Богданыч, все эти дни сумрачный и злой, улыбнулся:

— Нет, товарищ мичман. Целиком поддерживаю. Не только Мошенникову, всем надо подтянуть свой внешний вид. А то про нас идет дурацкий слух, будто мы башибузуки какие-то и не умеем даже «языка» взять…

— Это ты брось, комиссар! Генерал хоть лично со мной не успел переговорить, но п-ередал, что только Щ-ербаковский справится с з-адачей и б-ольше никто. З-а мной!..

В землянке четвертой роты лейтенант Хорьков и остальные командиры, предупрежденные по телефону капитаном Сукачом, с нетерпением и любопытством ждали прихода разведчиков.

Войдя в землянку, Щербаковский вежливо поздоровался. Ему польстило, что на его «здравствуйте, товарищи», вскочили все и хор голосов откликнулся:

— Здрасте!..

— Располагайтесь, — командир роты Хорьков дружелюбно показал на широкий плюшевый диван.

— К-расиво живете… — Щербаковский с завистью щупал плюш.

— Как дома! — не без гордости ответил Хорьков.

Матросы топтались у входа. Длинный и неуклюжий Мошенников уже в который раз поправлял бескозырку. Ему хотелось и мичману угодить и перед армейцами покрасоваться.

— Ну что с-тали! — рассердился Щербаковский. — Г-оворят вам — к-ак дома. Значит, будьте, к-ак дома. — Но, перехватив строгий взгляд Богданыча, умерил себя и вежливо протянул лейтенанту кисет: — П-рошу отведать наилучшие г-аванские сигары любимой марки к-апитана Гранина «Сама садик я с-адила»…

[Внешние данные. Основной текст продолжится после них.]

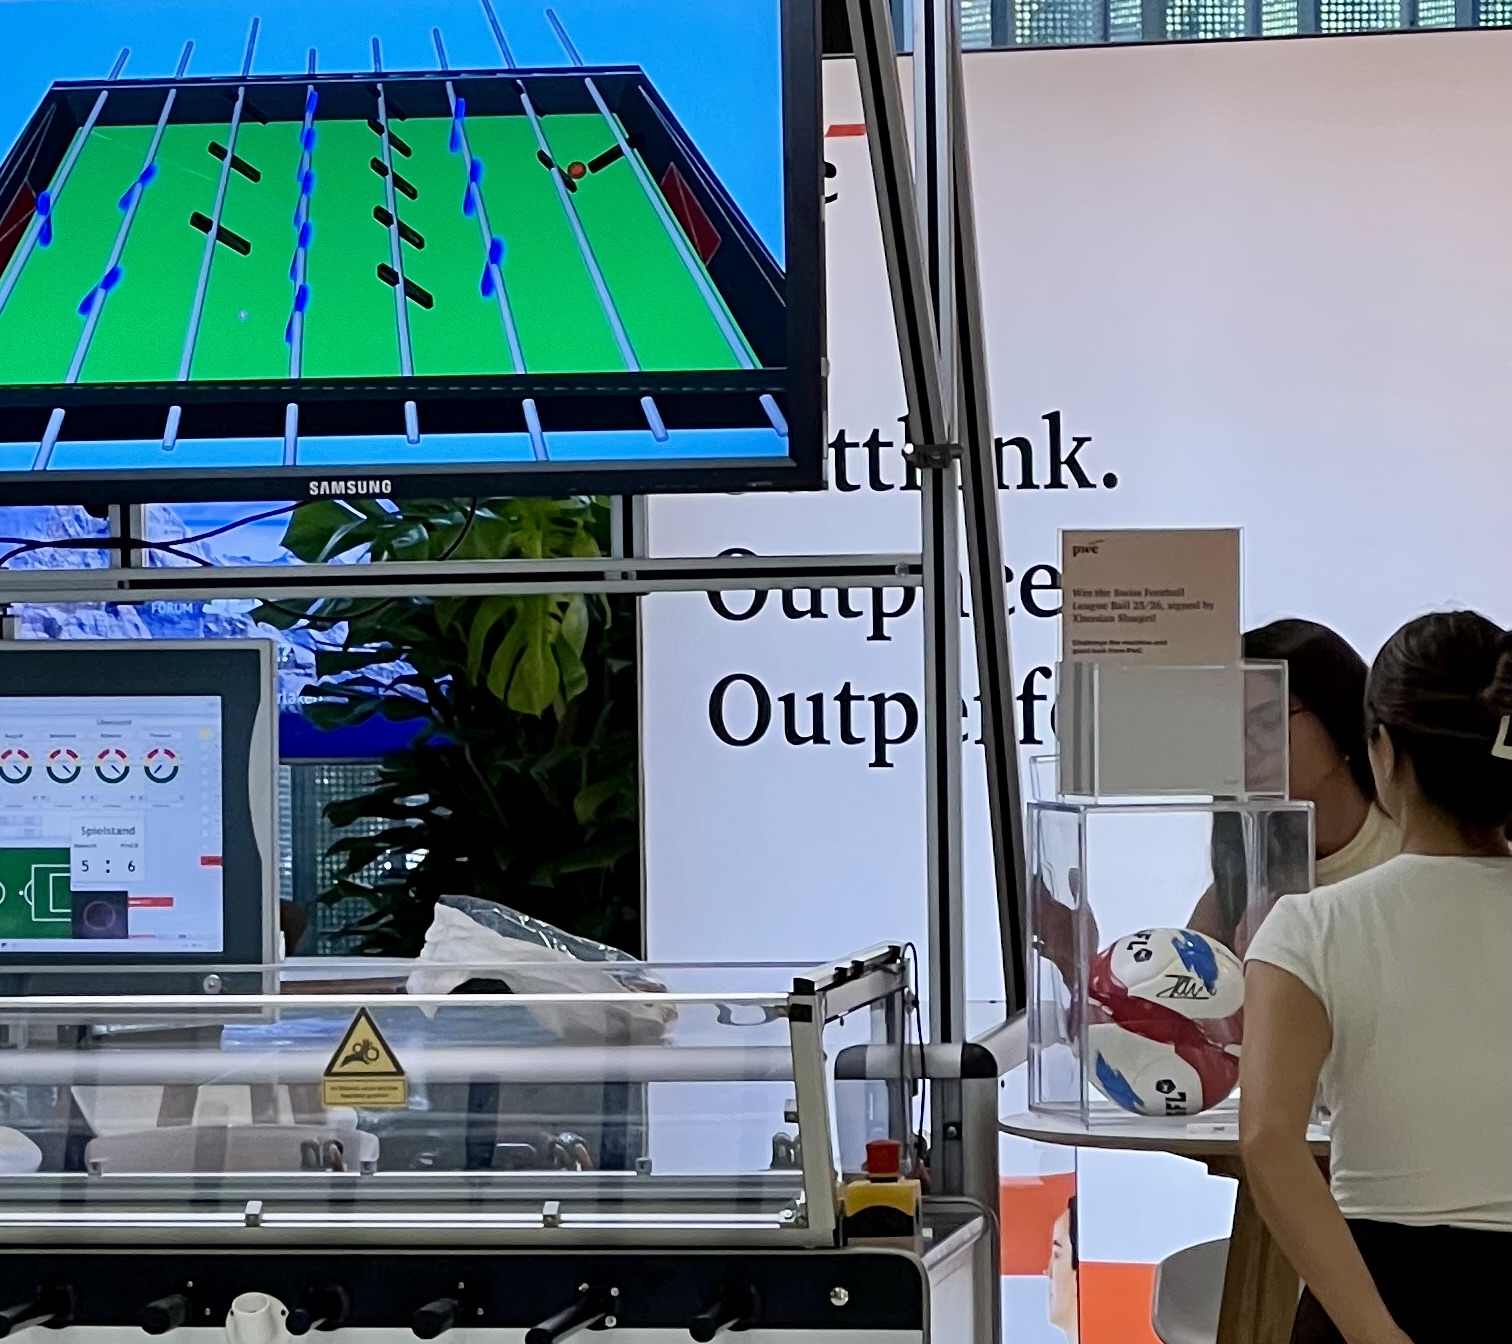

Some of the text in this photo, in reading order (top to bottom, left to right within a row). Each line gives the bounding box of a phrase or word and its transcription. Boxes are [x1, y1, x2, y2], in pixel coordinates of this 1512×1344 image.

Рассмеялись. Каждый достал свой кисет. Хорьков свертывал папиросу из табака любимой марки капитана Гранина «Сама садик я садила».

— М-мошенников! — скомандовал Щербаковский. — Огонь!

И снова все рассмеялись, когда Мошенников достал зажигалку и каждому предложил огонька. Закурили. В землянку вошел новый гость — лейтенант Репнин.

— Здравствуйте, гранинцы! — обрадовался он старым знакомым. — Ивану Петровичу привет!

Щербаковский с удовольствием пожал протянутую руку и спросил:

— К-уда же Д-умичева от нас забрали, т-оварищ лейтенант?

Репнин погрозил Щербаковскому пальцем:

— Переманивать бойцов не позволю. Это не футбольная команда.

— Д-думичев теперь гранинец, т-оварищ лейтенант. Мы его п-ереодеть в матросскую форму х-отели.

— Думичев мой верный сапер. Нашу форму он ни на какую не сменит. Сегодня Сергей Думичев будет вам помогать… Любопытно: вы думаете и в поиск в бушлатах идти?

— А к-ак же матросу идти в бой? — Щербаковский похлопал себя по груди, затянутой в щегольской бушлат с начищенными до золотого сияния пуговицами.

— Перестреляют, — отрубил Репнин.

— Мы ст-реляные. К-ак кошки пролезем.

— Ох, Иван Петрович, как бы злые собаки кошке хвост не рубанули… — рассмеялся Репнин. — Передний край всю ночь освещен ракетами, свет — как на улице Горького в Москве до войны. Это не острова. Тут весь перешеек два километра шириной — и все. А на двух километрах у них напиханы сотни солдат и десятки наблюдателей.